Company Letterhead
{{company_name}}
{{company_address}}
Phone: {{company_phone}}
Email: {{company_email}}
Website: {{company_website}}
AGREEMENT FOR INTERNATIONAL AGENCY SERVICES
This International Agent Agreement (hereinafter referred to as the 'Agreement') is made and entered into on this {{day}} day of {{month}}, {{year}}, by and between:
**{{principal_company_name}}**, a company duly incorporated and operating under the laws of {{principal_country}}, with its principal place of business located at {{principal_address}} (hereinafter referred to as the 'Principal'),
AND
**{{agent_company_name}}**, a company duly incorporated and operating under the laws of {{agent_country}}, with its principal place of business located at {{agent_address}} (hereinafter referred to as the 'Agent').
WHEREAS, the Principal is engaged in the business of {{principal_business_description}}; and
WHEREAS, the Agent possesses expertise and resources in {{agent_expertise_description}} and desires to represent the Principal in the Territory (as defined below);
NOW, THEREFORE, in consideration of the mutual covenants and agreements contained herein, the parties agree as follows:
1. Appointment and Scope of Agency
1.1. The Principal hereby appoints the Agent as its non-exclusive/exclusive (delete as applicable) agent for the marketing, promotion, and sale of the Principal's products/services (hereinafter referred to as the 'Products') within the territory of {{territory_description}} (hereinafter referred to as the 'Territory').
1.2. The Agent accepts such appointment and agrees to use its best efforts to promote and sell the Products in the Territory in accordance with the terms and conditions set forth in this Agreement.

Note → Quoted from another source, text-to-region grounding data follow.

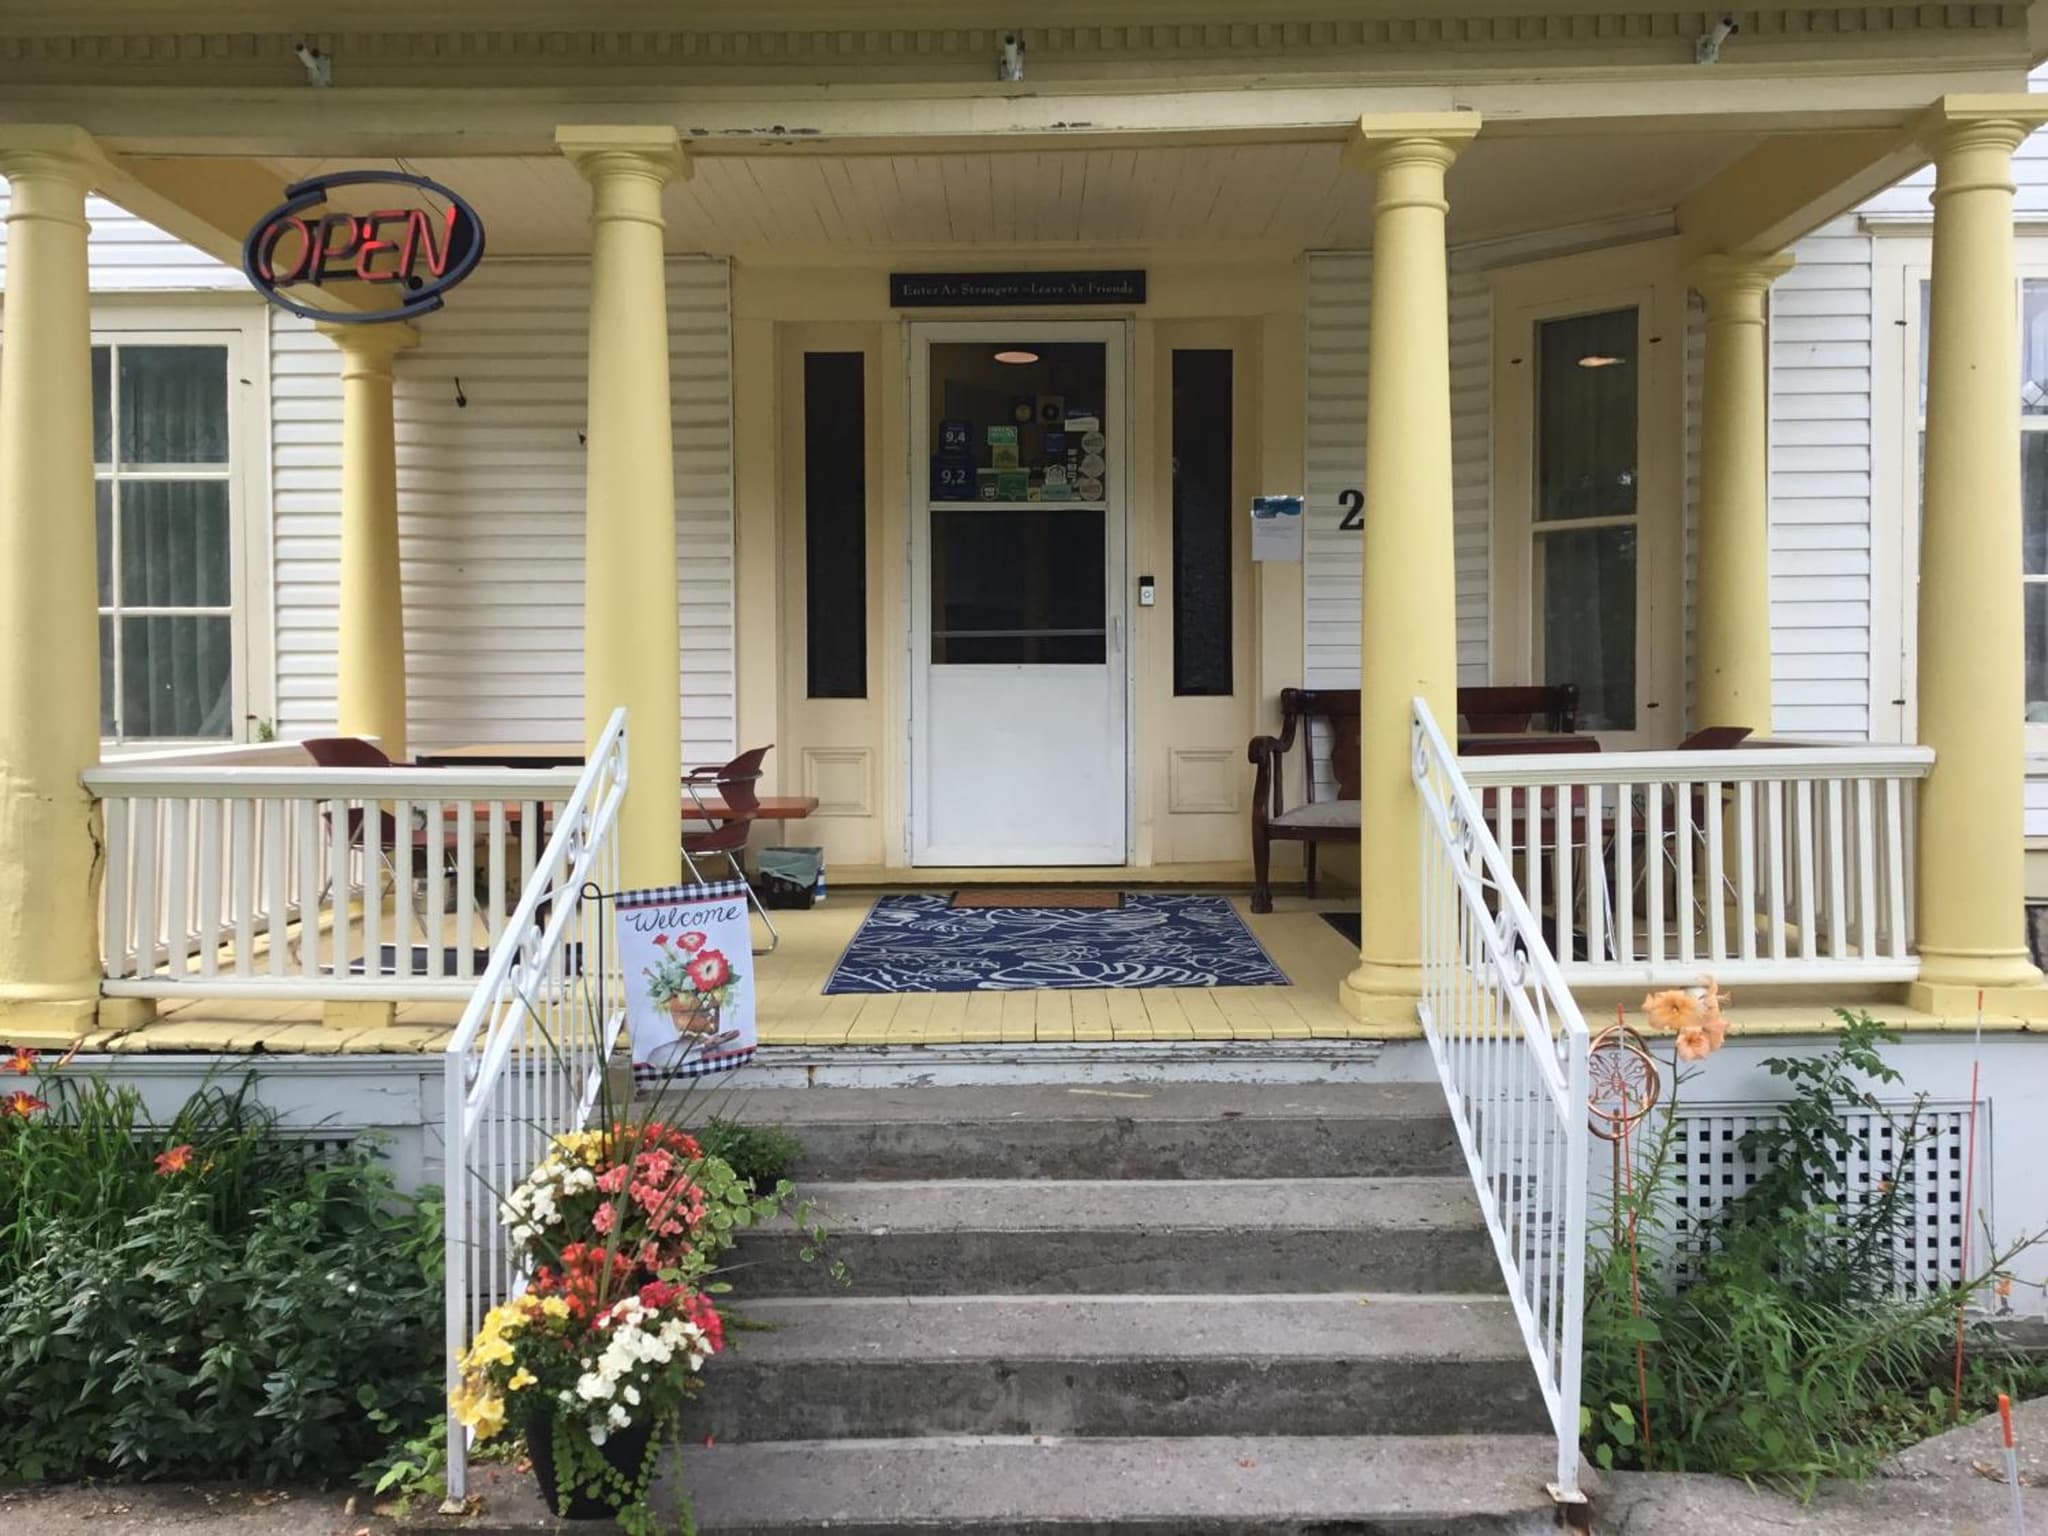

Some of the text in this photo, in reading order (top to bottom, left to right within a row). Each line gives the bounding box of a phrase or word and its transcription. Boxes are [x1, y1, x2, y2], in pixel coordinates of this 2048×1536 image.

[257, 204, 457, 288] OPEN
[903, 283, 938, 296] Enter
[961, 282, 1018, 296] Strangers
[1031, 281, 1064, 294] Leave
[1088, 280, 1133, 294] Friends
[1338, 489, 1365, 530] 2
[625, 905, 742, 932] Welcome
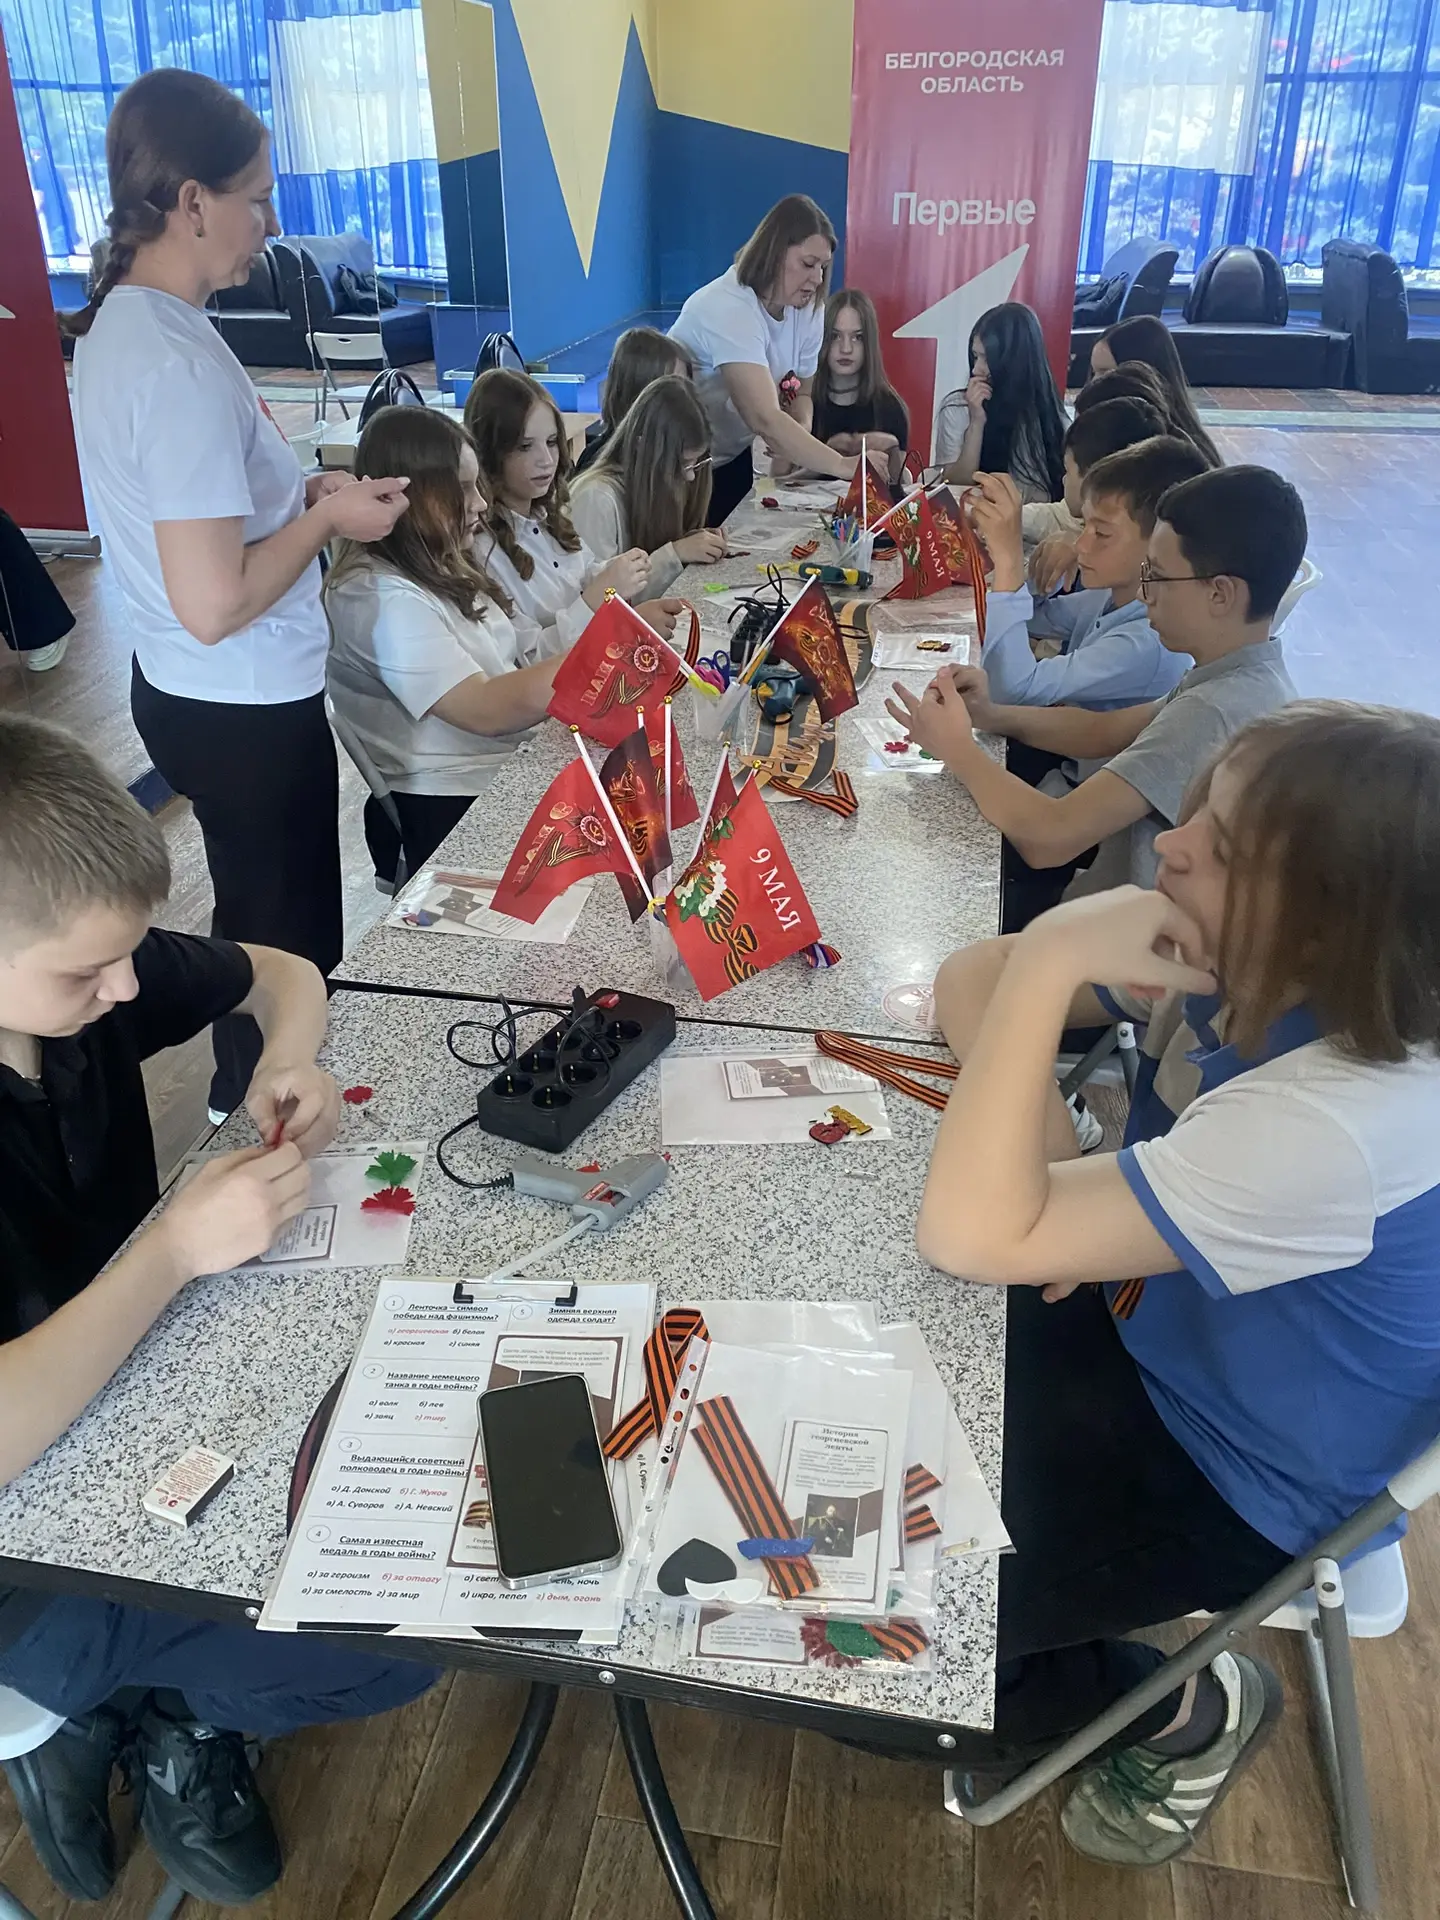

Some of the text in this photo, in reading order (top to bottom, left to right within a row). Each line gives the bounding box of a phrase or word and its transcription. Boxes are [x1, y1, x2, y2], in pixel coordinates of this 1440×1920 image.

[885, 48, 1065, 70] БЕЛГОРОДСКАЯ
[920, 75, 1024, 94] ОБЛАСТЬ
[892, 192, 1036, 236] Первые
[926, 530, 945, 578] 9 МАЯ
[749, 848, 801, 932] 9 МАЯ
[408, 1303, 447, 1311] Ленточка
[582, 1308, 617, 1316] верхняя
[393, 1312, 427, 1320] победы
[446, 1313, 499, 1321] фашизмом?
[387, 1372, 480, 1382] Название немецкого
[443, 1383, 478, 1391] войны?
[821, 1427, 859, 1438] История
[824, 1443, 853, 1452] ленты
[351, 1454, 465, 1466] Выдающийся советский
[340, 1465, 397, 1474] полководец
[407, 1467, 431, 1475] годы
[352, 1486, 391, 1494] Донской
[400, 1487, 409, 1495] б)
[418, 1489, 447, 1497] Жуков
[347, 1500, 384, 1509] Суворов
[416, 1503, 453, 1512] Невский
[339, 1535, 423, 1547] Самая известная
[320, 1546, 359, 1555] медаль
[369, 1549, 395, 1557] годы
[397, 1549, 436, 1559] войны?
[307, 1570, 318, 1578] а)
[330, 1571, 370, 1580] героизм
[381, 1572, 392, 1580] б)
[406, 1575, 442, 1584] отвагу
[464, 1574, 474, 1582] а)
[301, 1586, 312, 1594] в)
[325, 1588, 373, 1596] смелость
[376, 1589, 386, 1597] г)
[399, 1591, 420, 1599] мир
[471, 1592, 497, 1600] икра,
[546, 1592, 571, 1602] дым,

1.3. The Agent shall not, without the prior written consent of the Principal, represent or promote any products or services competitive with the Products within the Territory during the term of this Agreement.
2. Agent's Obligations
2.1. The Agent shall:
a) Act diligently and in good faith to promote the Principal's Products in the Territory.
b) Maintain adequate and appropriate sales and promotional facilities and personnel necessary to carry out its obligations hereunder.
c) Provide the Principal with regular reports on market conditions, sales activities, and customer feedback, as reasonably requested by the Principal.
d) Adhere to all marketing and pricing guidelines provided by the Principal.
e) Not make any representations, warranties, or commitments on behalf of the Principal other than those expressly authorized in writing by the Principal.
f) Comply with all applicable laws and regulations in the Territory concerning its activities under this Agreement.
3. Principal's Obligations
3.1. The Principal shall:
a) Provide the Agent with necessary technical information, marketing materials, and product samples to enable the Agent to perform its duties.
b) Process orders procured by the Agent promptly and efficiently.
c) Pay the Agent the agreed-upon commission as set forth in Section 4.
d) Keep the Agent informed of any significant changes to the Products, pricing, or terms of sale.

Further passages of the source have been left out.